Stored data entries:
※ ※ ※
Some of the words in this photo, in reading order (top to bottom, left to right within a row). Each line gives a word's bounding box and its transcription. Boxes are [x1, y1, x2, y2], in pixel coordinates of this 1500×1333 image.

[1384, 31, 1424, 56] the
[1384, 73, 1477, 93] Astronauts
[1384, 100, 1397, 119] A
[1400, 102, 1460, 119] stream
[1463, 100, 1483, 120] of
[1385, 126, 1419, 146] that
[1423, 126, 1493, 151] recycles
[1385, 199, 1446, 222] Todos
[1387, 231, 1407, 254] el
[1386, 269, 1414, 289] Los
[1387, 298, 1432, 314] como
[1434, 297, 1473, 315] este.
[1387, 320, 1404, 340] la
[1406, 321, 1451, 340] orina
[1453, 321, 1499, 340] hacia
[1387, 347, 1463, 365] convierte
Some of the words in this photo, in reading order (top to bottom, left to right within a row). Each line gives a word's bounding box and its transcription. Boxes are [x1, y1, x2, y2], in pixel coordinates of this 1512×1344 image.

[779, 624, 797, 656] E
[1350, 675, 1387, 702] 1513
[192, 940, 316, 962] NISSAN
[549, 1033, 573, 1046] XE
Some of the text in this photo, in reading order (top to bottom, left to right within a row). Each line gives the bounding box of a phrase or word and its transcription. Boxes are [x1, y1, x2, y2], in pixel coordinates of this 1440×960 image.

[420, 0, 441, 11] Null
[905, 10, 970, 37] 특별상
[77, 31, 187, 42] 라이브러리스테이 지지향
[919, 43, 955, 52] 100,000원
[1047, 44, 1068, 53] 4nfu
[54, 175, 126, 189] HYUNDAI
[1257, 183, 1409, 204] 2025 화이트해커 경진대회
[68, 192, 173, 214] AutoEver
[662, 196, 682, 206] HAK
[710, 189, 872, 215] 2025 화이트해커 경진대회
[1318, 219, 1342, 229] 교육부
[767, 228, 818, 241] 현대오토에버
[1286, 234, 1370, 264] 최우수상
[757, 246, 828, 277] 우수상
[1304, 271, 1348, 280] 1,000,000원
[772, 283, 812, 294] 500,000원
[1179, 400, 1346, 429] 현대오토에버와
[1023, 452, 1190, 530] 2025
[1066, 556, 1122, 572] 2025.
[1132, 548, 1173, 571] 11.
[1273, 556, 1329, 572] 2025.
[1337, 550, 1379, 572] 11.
※ ※ ※
● TASK:
Output all the lines above. Keep each one exact.

● SOLUTION BELOW:
Some of the words in this photo, in reading order (top to bottom, left to right within a row). Each line gives a word's bounding box and its transcription. Boxes are [x1, y1, x2, y2], in pixel coordinates of this 1500×1333 image.

[1384, 31, 1424, 56] the
[1384, 73, 1477, 93] Astronauts
[1384, 100, 1397, 119] A
[1400, 102, 1460, 119] stream
[1463, 100, 1483, 120] of
[1385, 126, 1419, 146] that
[1423, 126, 1493, 151] recycles
[1385, 199, 1446, 222] Todos
[1387, 231, 1407, 254] el
[1386, 269, 1414, 289] Los
[1387, 298, 1432, 314] como
[1434, 297, 1473, 315] este.
[1387, 320, 1404, 340] la
[1406, 321, 1451, 340] orina
[1453, 321, 1499, 340] hacia
[1387, 347, 1463, 365] convierte
Some of the words in this photo, in reading order (top to bottom, left to right within a row). Each line gives a word's bounding box and its transcription. Boxes are [x1, y1, x2, y2], in pixel coordinates of this 1512×1344 image.

[779, 624, 797, 656] E
[1350, 675, 1387, 702] 1513
[192, 940, 316, 962] NISSAN
[549, 1033, 573, 1046] XE
Some of the text in this photo, in reading order (top to bottom, left to right within a row). Each line gives the bounding box of a phrase or word and its transcription. Boxes are [x1, y1, x2, y2], in pixel coordinates of this 1440×960 image.

[420, 0, 441, 11] Null
[905, 10, 970, 37] 특별상
[77, 31, 187, 42] 라이브러리스테이 지지향
[919, 43, 955, 52] 100,000원
[1047, 44, 1068, 53] 4nfu
[54, 175, 126, 189] HYUNDAI
[1257, 183, 1409, 204] 2025 화이트해커 경진대회
[68, 192, 173, 214] AutoEver
[662, 196, 682, 206] HAK
[710, 189, 872, 215] 2025 화이트해커 경진대회
[1318, 219, 1342, 229] 교육부
[767, 228, 818, 241] 현대오토에버
[1286, 234, 1370, 264] 최우수상
[757, 246, 828, 277] 우수상
[1304, 271, 1348, 280] 1,000,000원
[772, 283, 812, 294] 500,000원
[1179, 400, 1346, 429] 현대오토에버와
[1023, 452, 1190, 530] 2025
[1066, 556, 1122, 572] 2025.
[1132, 548, 1173, 571] 11.
[1273, 556, 1329, 572] 2025.
[1337, 550, 1379, 572] 11.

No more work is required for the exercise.